The good news is that important lessons have been learnt from the previous two lockdown, and the latest rules are more in tune and sympathetic towards modern family life than before.
With this in mind, we have written this article to address some of the most commonly faced issues for family clients.
Child Care Arrangements
Children can move freely between homes of their divorced and separated parents. If your child arrangements include children living at your home and at your ex partner’s home too, the children can move freely between both homes. You do not need to form a support bubble with your ex.
Compliance with a Child Arrangements Order (CAO)
The lockdown rules allow parents to continue with co-parenting arrangements within the scope of the guidelines. As The Rt. Hon.
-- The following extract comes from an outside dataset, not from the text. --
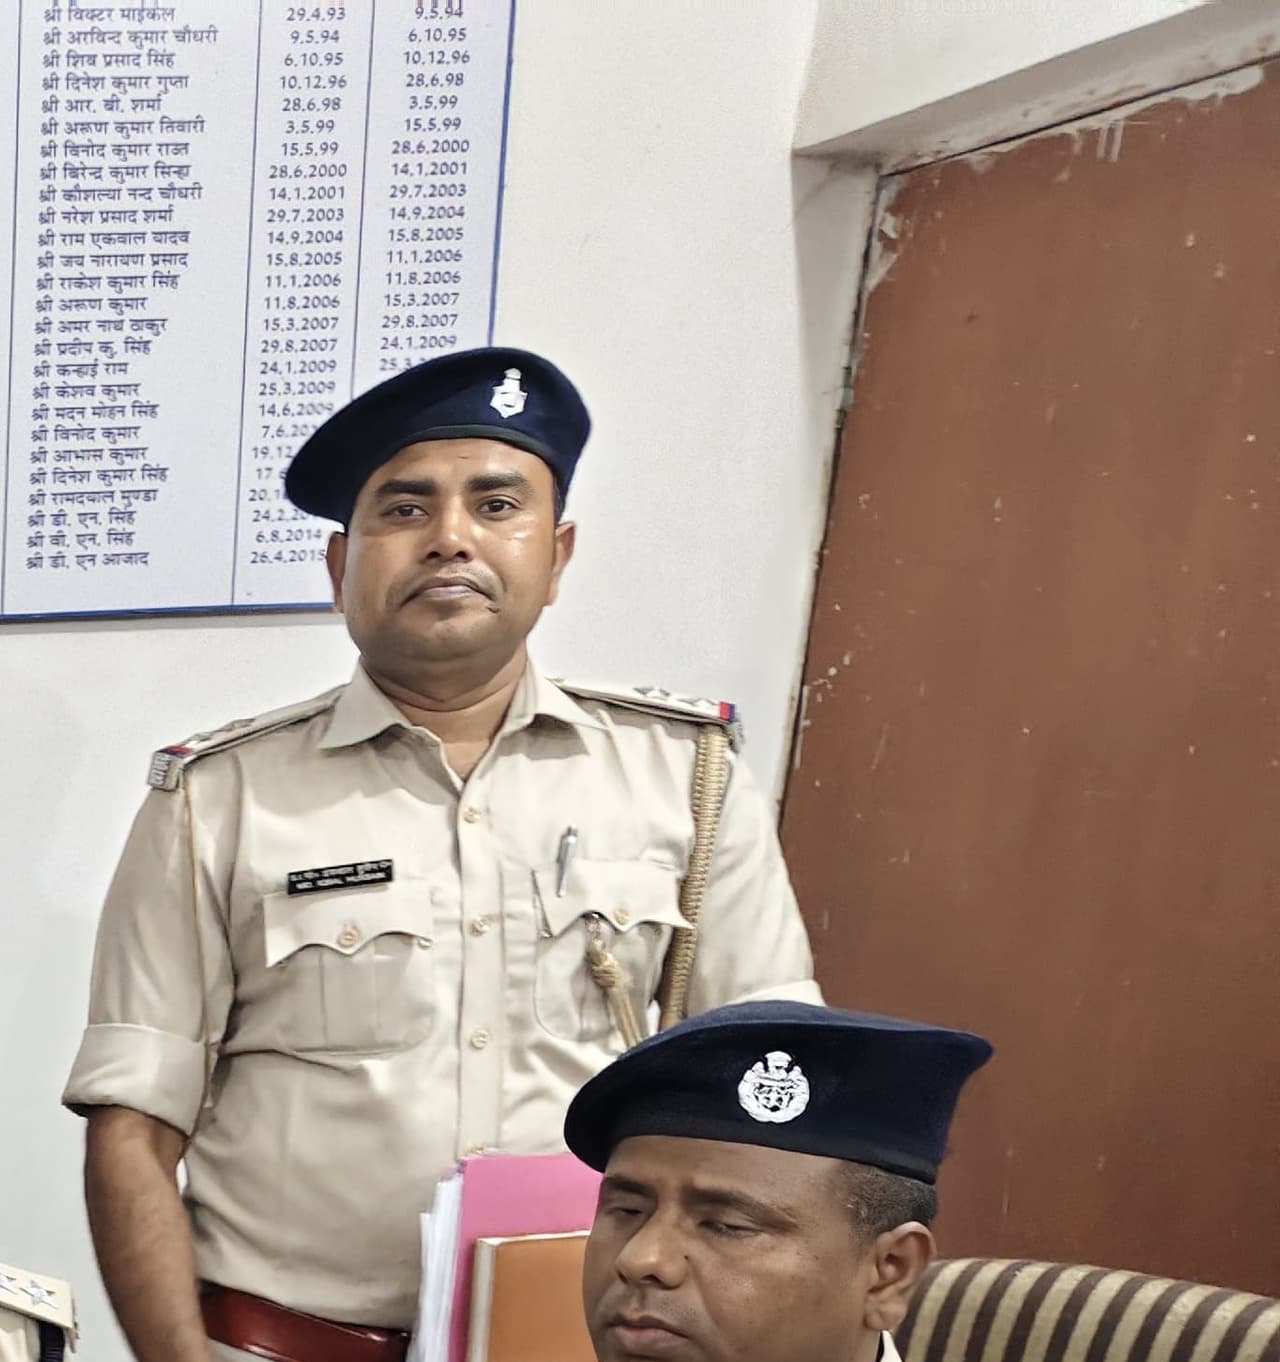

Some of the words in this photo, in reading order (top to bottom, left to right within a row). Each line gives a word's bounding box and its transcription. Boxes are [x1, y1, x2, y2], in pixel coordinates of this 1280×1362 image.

Sir Andrew McFarlane, President of the Family Division and Head of Family Justice said:
“The expectation must be that parents will care for children by acting sensibly and safely when making decisions regarding the arrangements for their child and deciding where and with whom their child spends time.”
In essence, this means that your child arrangements can be varied due to Coronavirus restrictions, but any variation must be in the spirit of the order. The aim should always be to make “safe alternative arrangements for the child”. Do bear in mind that just because you can vary child arrangements, it doesn’t mean you should. As parents, you can both be called up by the court to explain your decisions. Remember, the welfare of the child is always paramount.
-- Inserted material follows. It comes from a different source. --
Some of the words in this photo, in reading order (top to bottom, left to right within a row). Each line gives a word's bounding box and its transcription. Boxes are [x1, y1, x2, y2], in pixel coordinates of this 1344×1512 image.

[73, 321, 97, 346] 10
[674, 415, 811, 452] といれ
The current situation will inevitably involve you communicating with your ex, for example to establish the health of each household, results of any COVID tests or self-isolation requirements, and minimise the risk of infection. If such communication is problematic for you, call us. We can advise on key areas of disagreement, and if necessary, send correspondence to try and settle the issue. Call us to discuss your situation in your online 1-hour initial consultation with 30 minutes included free (terms and conditions apply).
Forming a support bubble
Becoming a single parent for the first time during a lockdown is especially hard. If you are separated, divorced, or just currently single, you can form a support bubble with one other local household, if:
- you have a child aged one or under
- you are a single parent with children aged under 18
- you live by yourself
You can stay overnight with your support bubble household.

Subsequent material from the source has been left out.